L’allégement du couvre feu et la levée de l’interdiction sur l’ouverture des commerces et des activités secondaires telles que les magasins des ustensiles de cuisine, des pâtisseries traditionnelles et de l’habillement prouve encore une fois l’irresponsabilité de ce gouvernement illégitime.

Pourquoi donc cette décision populiste qui n’apporte rien de nécessaire au quotidien du citoyen en dehors de déguster un morceau de « Qleb el louz » ou de doter sa cuisine d’une nouvelle série de fourchettes ?

Le gouvernement n’est-il pas en train de faire porter aux citoyens la responsabilité d’une situation qui lui échappe complètement ?

Au-delà des aspects apparents de cette aventure d’un déconfinement qui ne dit pas son nom et qui renseigne sur l’échec total d’un gouvernement imposé à la volonté populaire, il y a, à mon avis, des arrières pensées des plus graves derrière ces agissements infantiles.

Primo, il est clair, désormais, que l’État ne possède ni la volonté politique ni les moyens nécessaires pour couvrir financièrement, au moins une partie, des retombées d’un confinement rigoureux sur les recettes des petits commerçants, des professions libérales et les honoraires des journaliers. Du coup, il lève l’interdiction d’ouverture pour se dégager de toute responsabilité et en faire du confinement un acte volontaire. Une belle manière de mettre fin au caractère social qui a toujours existé au moins dans la façade populiste de l’État algérien.

Voilà donc un aveu d’un échec total de toutes « les politiques économiques » adoptées depuis l’indépendance.

Secundo, cet allègement, qui provoquera certainement un relâchement spontané des citoyens, n’est-il pas une manière de contrarier le confinement total réussi dans tous ses aspects par l’auto-organisation au niveau des villages, particulièrement en Kabylie ?

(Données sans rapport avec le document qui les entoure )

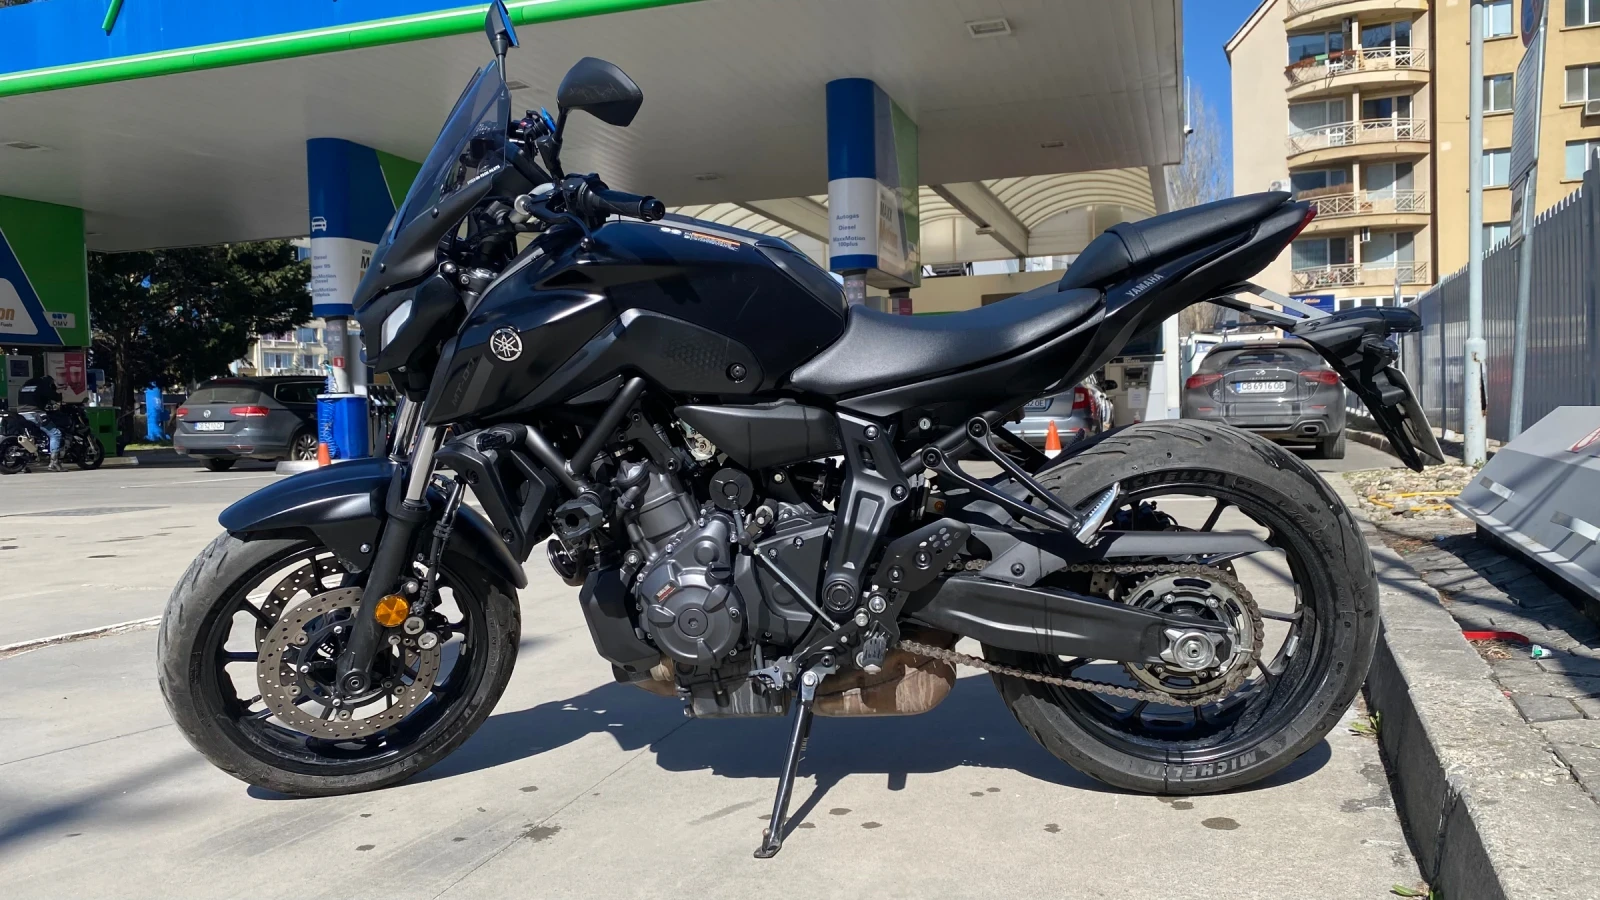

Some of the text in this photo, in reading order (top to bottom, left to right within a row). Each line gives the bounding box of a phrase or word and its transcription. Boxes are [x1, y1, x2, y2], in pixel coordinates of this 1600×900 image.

L’exemple du détournement d’un chargement de semoule par la gendarmerie, dénoncé par le maire de Timizart ainsi que certaines informations qui relatent des pressions sur les donateurs et les bienfaiteurs, qui agissent dans le cadre d’une solidarité citoyenne, pour les contraindre à passer par les walis, nous accordent, malheureusement, le droit de s’interroger sur la volonté du gouvernement de contrarier cette auto-organisation qui n’est autre qu’un prolongement de l’esprit du hirak.

Aveuglé par son instinct de survie, le pouvoir du fait accompli ne retient, décidément, aucune leçon. Il agit encore une fois à contre-courant de l’histoire et se dresse fermement et d’une manière diabolique contre la conscience citoyenne qui avance avec sérénité vers une Algérie libre, démocratique et plurielle.